Print the records below exactly, with no pictures.
───── SUPPLIED INFORMATION
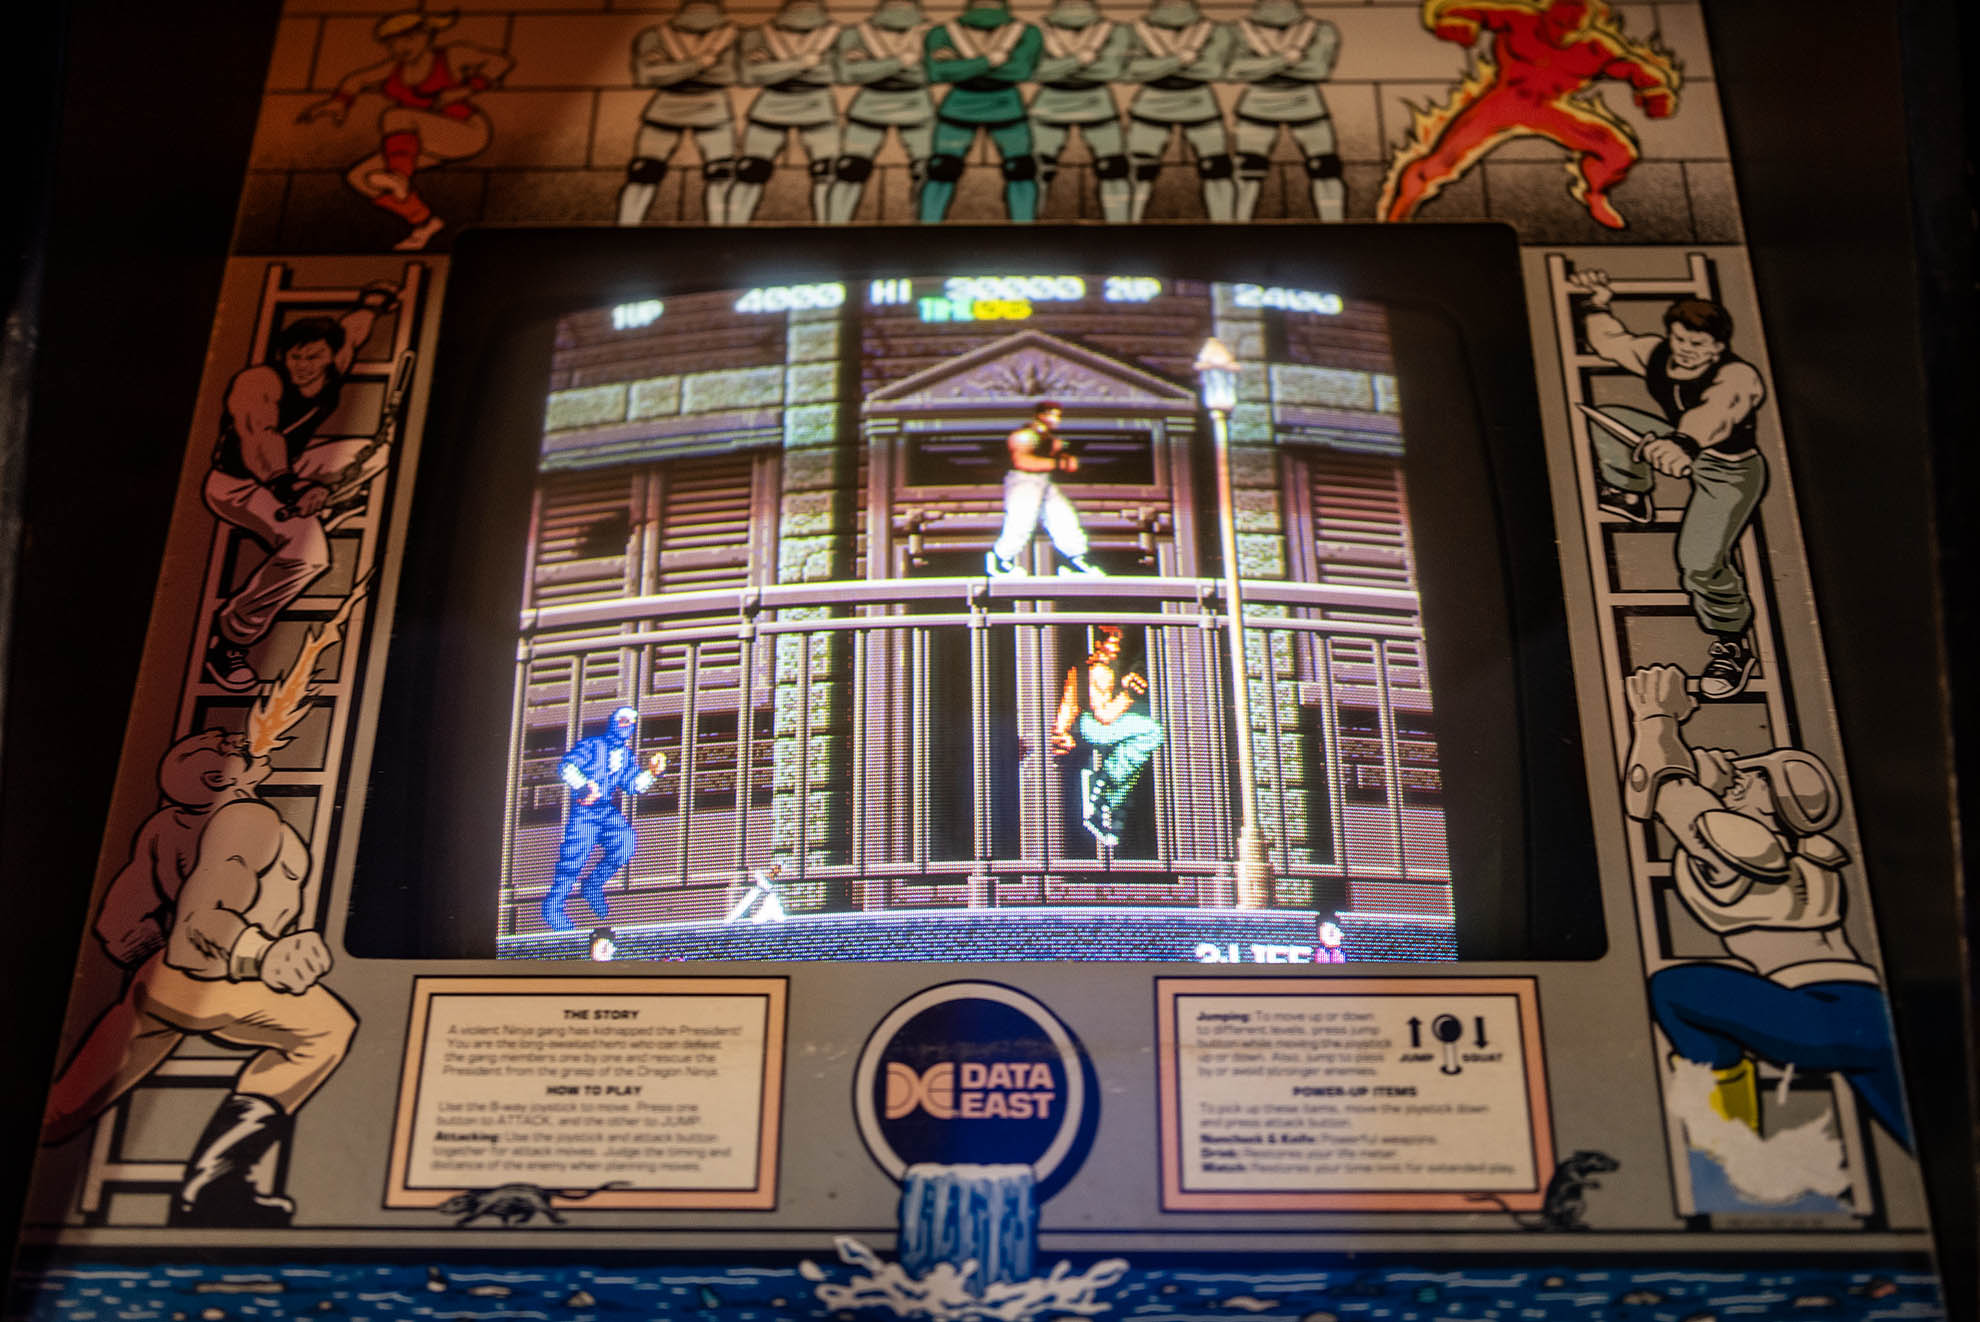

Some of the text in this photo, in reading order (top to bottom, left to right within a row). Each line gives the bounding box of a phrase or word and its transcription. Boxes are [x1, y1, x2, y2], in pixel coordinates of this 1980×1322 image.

[733, 281, 847, 313] 4000
[869, 278, 913, 305] HI
[563, 1009, 640, 1021] THE STORY
[960, 1062, 1055, 1090] DATA
[546, 1085, 643, 1096] HOW TO PLAY
[1292, 1085, 1419, 1097] POWER-UP ITEMS
[960, 1091, 1056, 1119] EAST
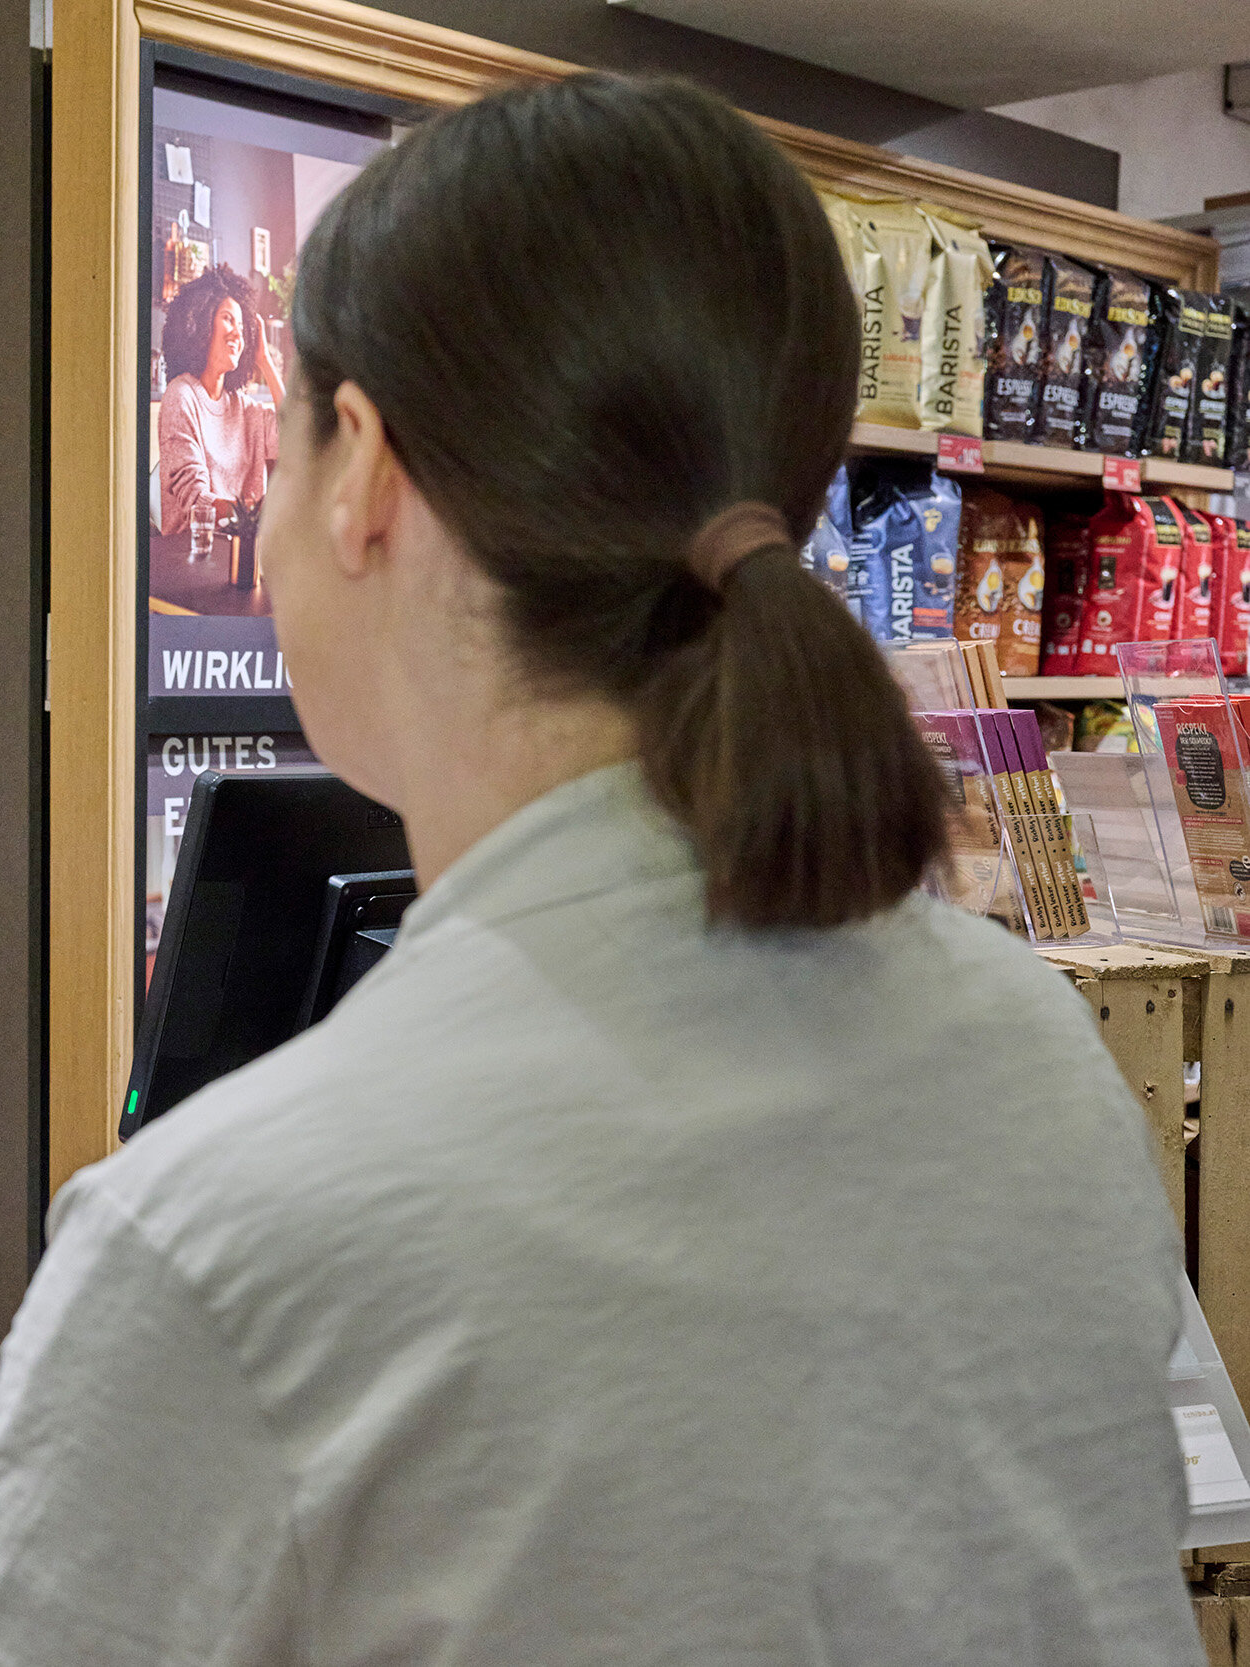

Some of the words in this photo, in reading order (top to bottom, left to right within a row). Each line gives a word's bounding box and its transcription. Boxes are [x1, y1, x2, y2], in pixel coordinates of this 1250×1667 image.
──────────
* [RESPONSE AREA]:
Some of the text in this photo, in reading order (top to bottom, left to right within a row). Each line gives the bounding box of a phrase or word and its transcription. Boxes are [x1, y1, x2, y2], in pixel coordinates of this 1980×1322 image.

[733, 281, 847, 313] 4000
[869, 278, 913, 305] HI
[563, 1009, 640, 1021] THE STORY
[960, 1062, 1055, 1090] DATA
[546, 1085, 643, 1096] HOW TO PLAY
[1292, 1085, 1419, 1097] POWER-UP ITEMS
[960, 1091, 1056, 1119] EAST

Some of the words in this photo, in reading order (top to bottom, left to right within a row). Each line gives a word's bounding box and its transcription. Boxes are [x1, y1, x2, y2], in pixel coordinates of this 1250×1667 image.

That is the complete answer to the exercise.